First, how is this equivalent to the usual definition of the Feynman propagator, involving a particular contour choice?

I think you should consider the fundamental definition of the Feynman propagator not as a propagator with a particular contour choice, but as an propagator that is symmetric under exchange of spacetime coordinates. In this zero-dimensional context, that means exchange of $t$ and $t'$. In QFT language this leads to a structure like:

$$ -i \langle 0 | \Theta(t-t')\psi(t)\psi(t')+ \Theta(t'-t)\psi(t')\psi(t)|0\rangle $$ While in the driven oscillator case the form is: $$\frac{i}{2\omega} \left(e^{-i\omega(t-t')}\Theta(t-t')+e^{-i\omega(t'-t)}\Theta(t'-t)\right)$$

In either case, you can Fourier transform this and get something with one pole above and one pole below the complex $\omega$ plane, from the two Heaviside functions. But since we are supposed to be looking for a physical intuition, I suggest you think of this as a consequence of demanding that the propagator be symmetric under exchange of times.
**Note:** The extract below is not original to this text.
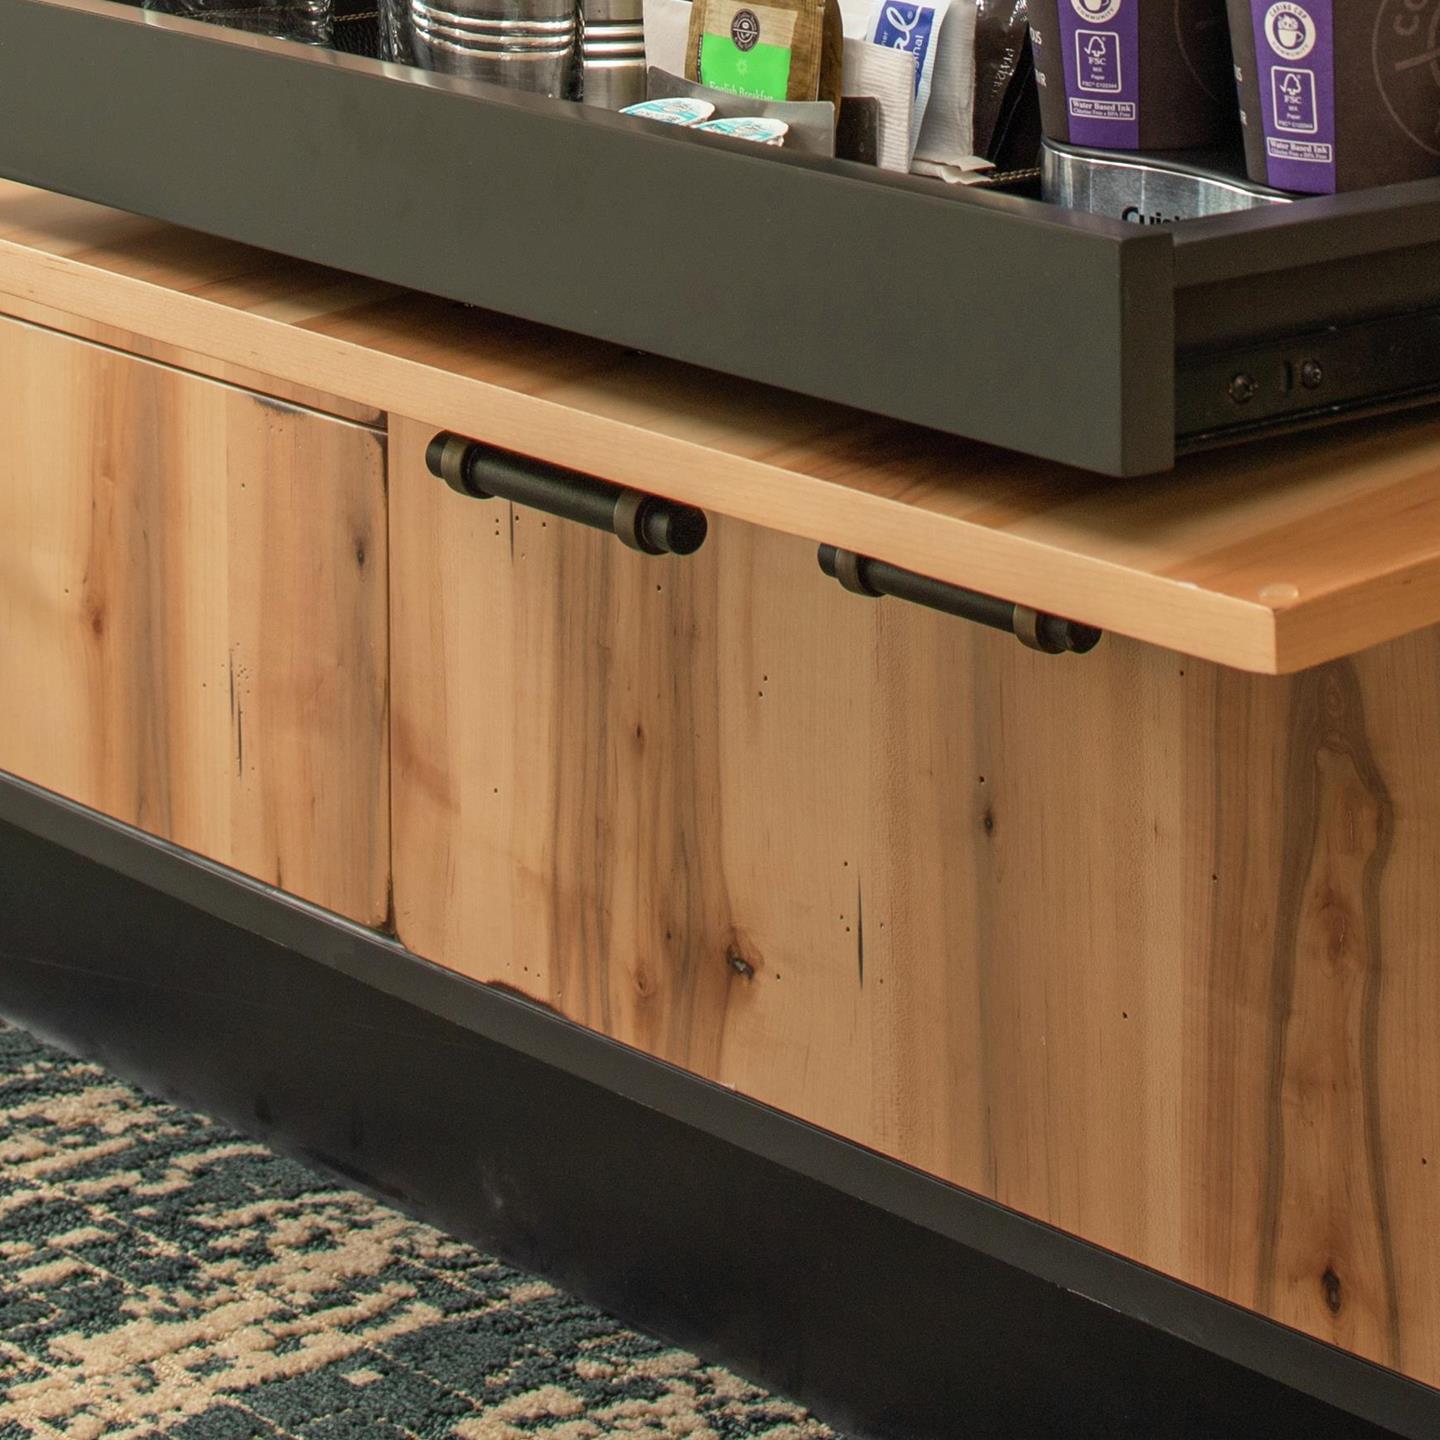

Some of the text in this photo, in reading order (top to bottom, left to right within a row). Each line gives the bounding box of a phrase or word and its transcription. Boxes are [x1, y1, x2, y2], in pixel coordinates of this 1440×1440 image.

Second, are there intuitive words one can drape around this definition? Does it provide any additional physical insight?

As far as a physical interpretation, I think you will just have to accept that the interpretation isn't going to be as straightforward in the case of the Feynman propagator as it is for the retarded propagator. Your question already sets up why this is the case: one is an expectation value, which is something that appears classically and that we have a natural feel for, while the other is an off-diagonal matrix element. The good news is that by this point in our study of quantum mechanics, we've both seen enough of these to have some sense of what they mean. For example, an amplitude of the form $\langle 0_{out}|\hat{q} |0_{in}\rangle$ is well-known in atomic physics as the dipole operator. Roughly speaking, it represents the degree to which the states $|0_{out}\rangle$ and $|0_{in}\rangle$ are coupled by the operator $J \hat{q}$. Summarizing, then, the best interpretation I can offer for the Feynman propagator in this situation is that it is the object which tells you, for a given transient current, the extent to which the resulting output state is coupled to the initial state. So it is a particular, and calculationally important, way of characterizing how much the states were changed by the driving force. Since it is not itself an observable, it is not clear to me that a more intuitive description should exist or what it might entail.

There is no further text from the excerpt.